To uncover the biological significance of AS occurred in GS3, GS3.1, GS3.2 and GS3.2m driven by Actin promoter were introduced into Zhonghua 11 (ZH11). GS3.1, GS3.2 and GS3.2m overexpressors were identified (Additional file 1: Fig. S5). Compared with ZH11, overexpression of GS3.1 resulted in small grains, but GS3.2 and GS3.2m overexpressors showed no significant change (Fig. 1I). Further statistical analysis confirmed that elevated GS3.1 reduces grain length by 8.0%, grain width by 10.6%, and 1000-grain weight by 47.9%, but elevated GS3.2 and GS3.2m show no obvious difference (Fig. 1J–L and Additional file 1: Table S2), indicating the antagonistic roles for GS3.1 and GS3.2 in grain size regulation. It is well studied that GS3 associates with RGB1 to negatively regulate grain size (Sun et al. 2018). The question whether GS3.2 associates with RGB1 is raised. First, yeast two-hybrid assay was performed to detect the interaction between GS3.2 and RGB1. The result showed that the interaction between GS3.2 and RGB1 is much stronger than that between GS3.1 and RGB1 (Fig. 1M), which is indicated by the growth strength in the dropout medium. Next, BiFC assay confirmed the direct interaction between GS3.2 and RGB1 (Fig. 1N). According to the above results, it is reasonable to speculate that GS3.2 attenuates GS3.1 activity by competitively interacting with RGB1. To test the hypothesis, yeast three-hybrid assay was conducted. Obviously, the interaction between GS3.1 and RGB1 is subdued by GS3.2 (Fig. 1O).

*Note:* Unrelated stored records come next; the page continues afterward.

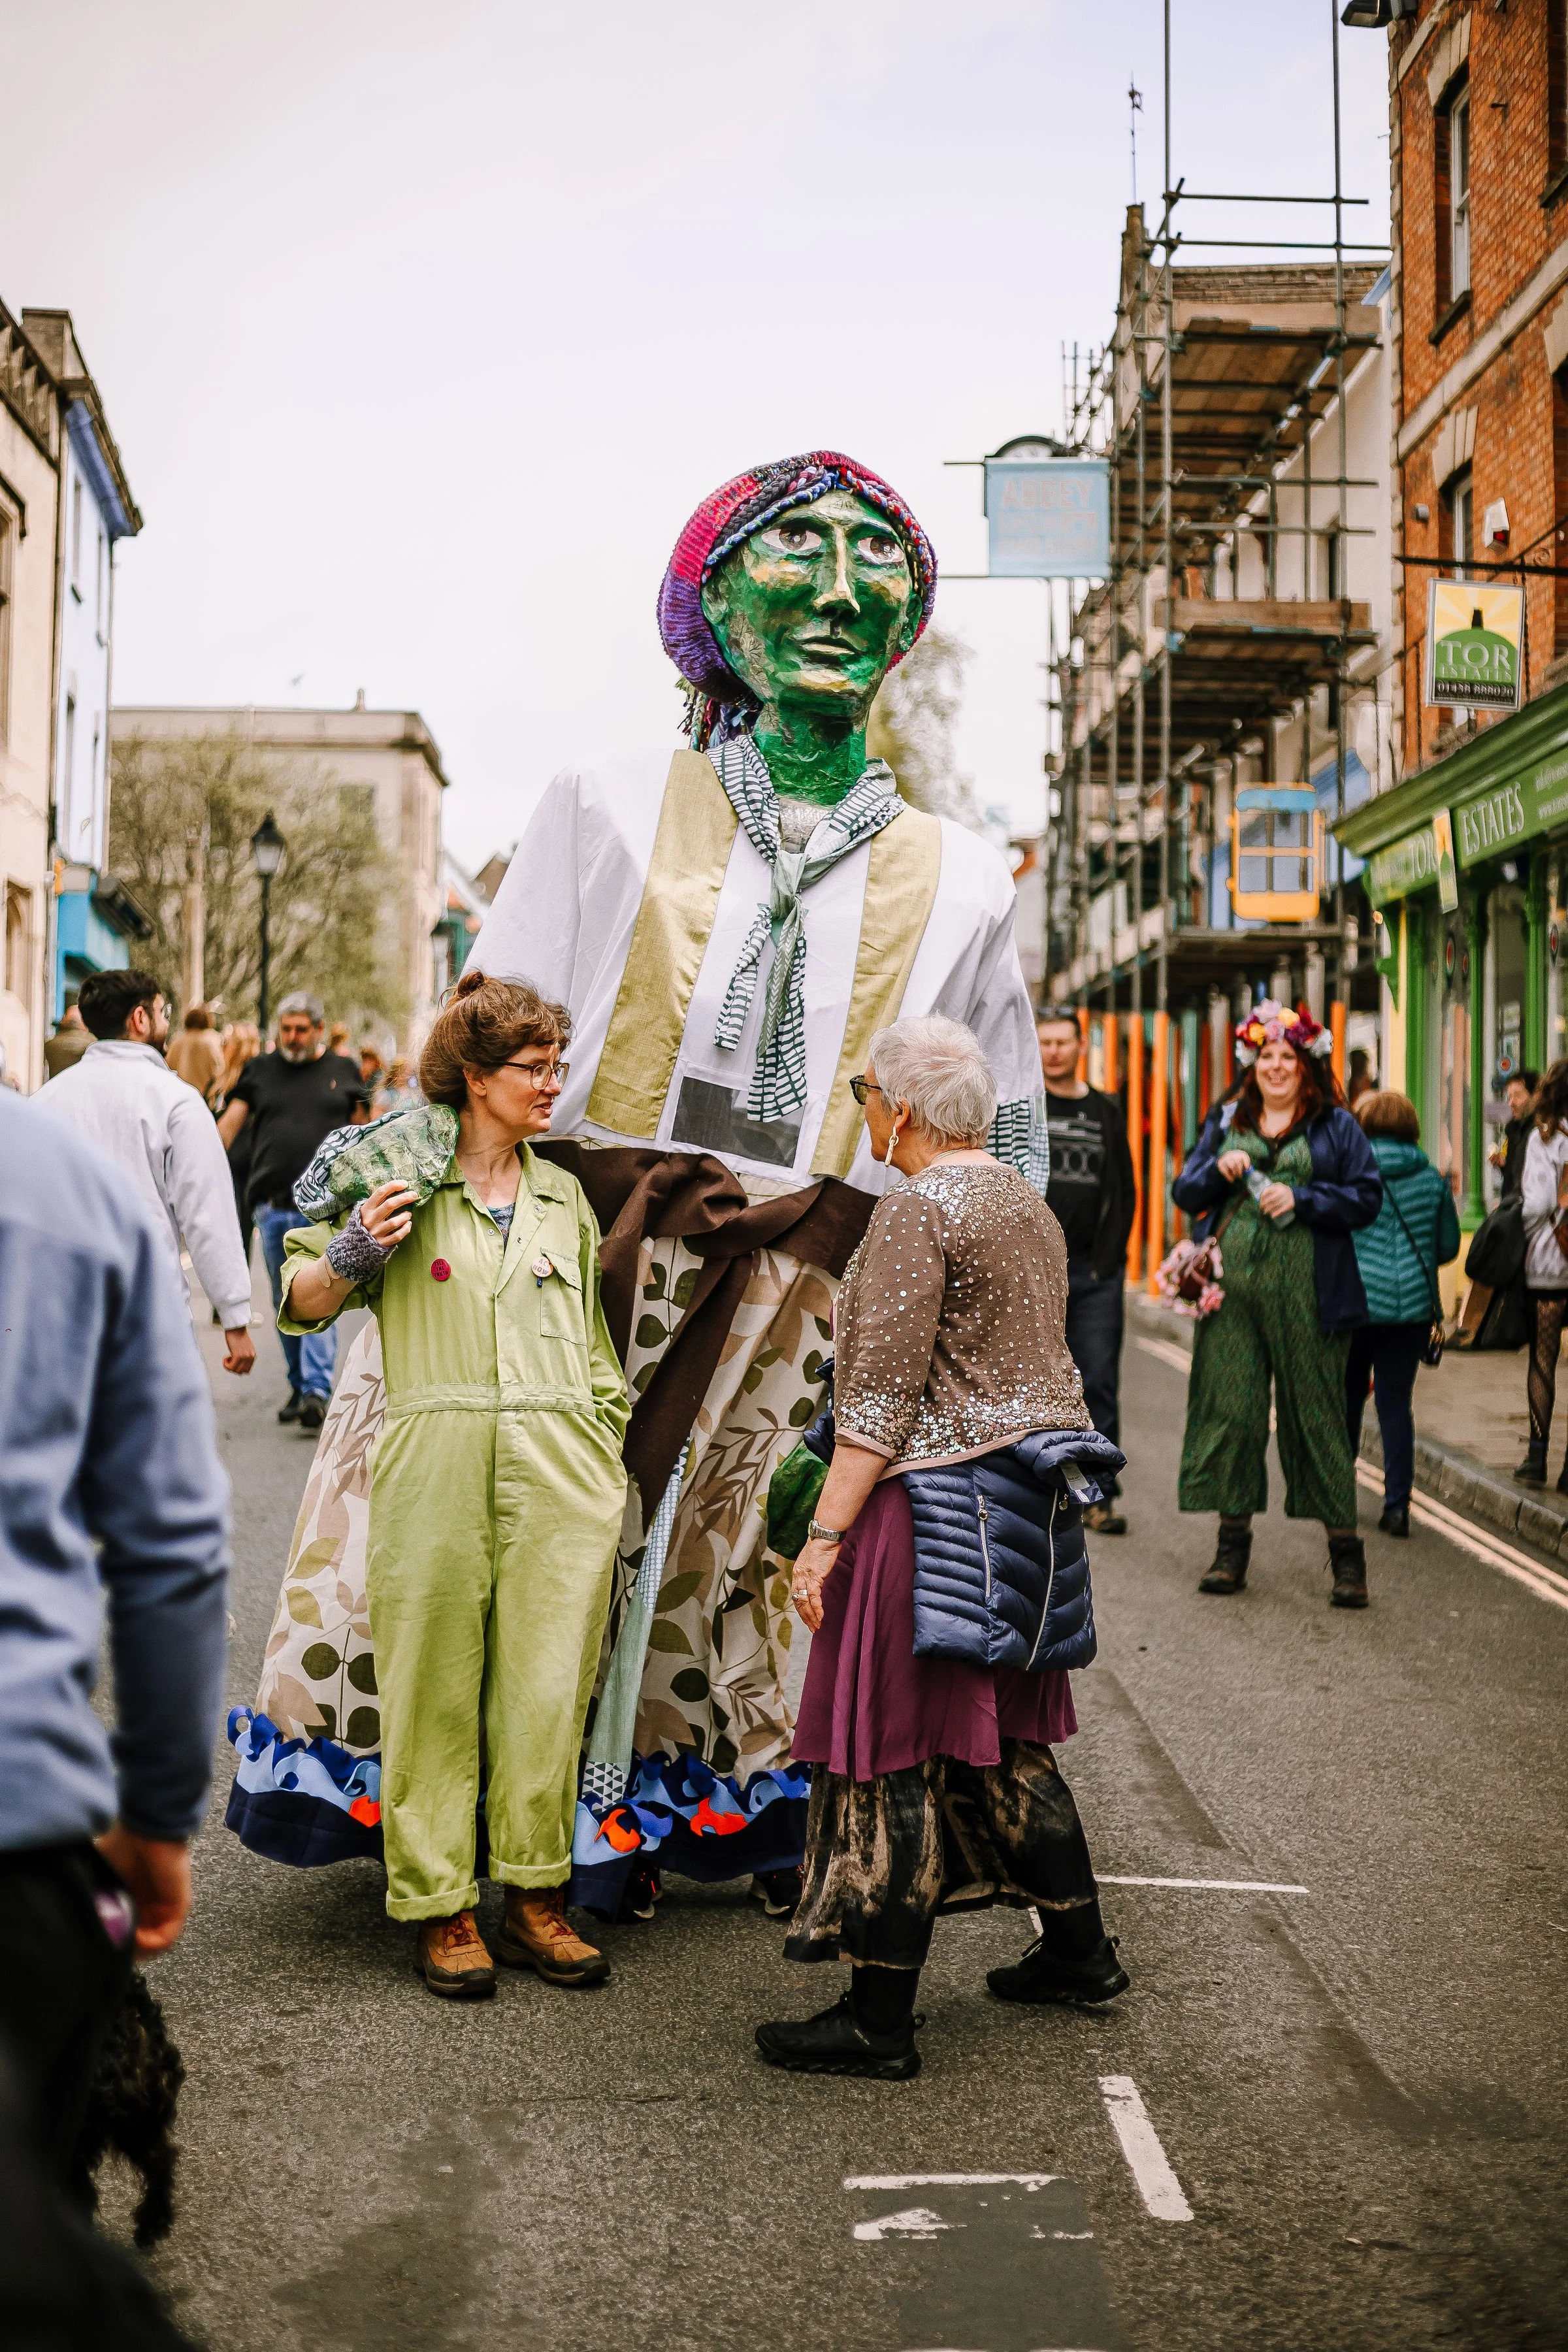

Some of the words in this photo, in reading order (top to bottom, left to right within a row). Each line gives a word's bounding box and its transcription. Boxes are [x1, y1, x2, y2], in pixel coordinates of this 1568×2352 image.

[1002, 478, 1094, 508] ABBEY
[1439, 640, 1511, 670] TOR
[1406, 830, 1438, 882] TOR
[1460, 781, 1524, 856] ESTATES
[532, 1264, 549, 1275] NOW

In addition, such competition was also observed in luciferase activity assay using rice protoplast (Fig. 1P), indicating GS3.2 disrupts GS3.1 function via occupation of RGB1.

In summary, our results revealed that GS3 is alternatively spliced and the AS mechanism is evolutionarily conserved in cereals but not in Cruciferae. GS3.1 negatively regulates grain size (Fig. 1I–N), while the majority AS variants GS3.2, which accounts for about 40% of GS3 transcript, displays no negative effects on grain size (Fig. 1I–N). Moreover, GS3.2 attenuates GS3.1 activity by competitively interacting with RGB1 (Fig. 1O, P). Collectively, it is reasonable to conclude that the alternative splicing of GS3 decreases the amount of GS3.1 and GS3.2 disrupts the GS3.1 signaling to inhibit the negative effects of GS3.1 to fine-tune grain size.

Grain size is regulated by multiple signaling pathways mainly at the transcriptional and post-translational level (Li et al. 2019; Zuo and Li 2014). This study shows grain size is fine-tuned by AS of OsGS3 at the post-transcriptional level. The results provide a novel, conserved and important mechanism underlying grain size regulation in cereals.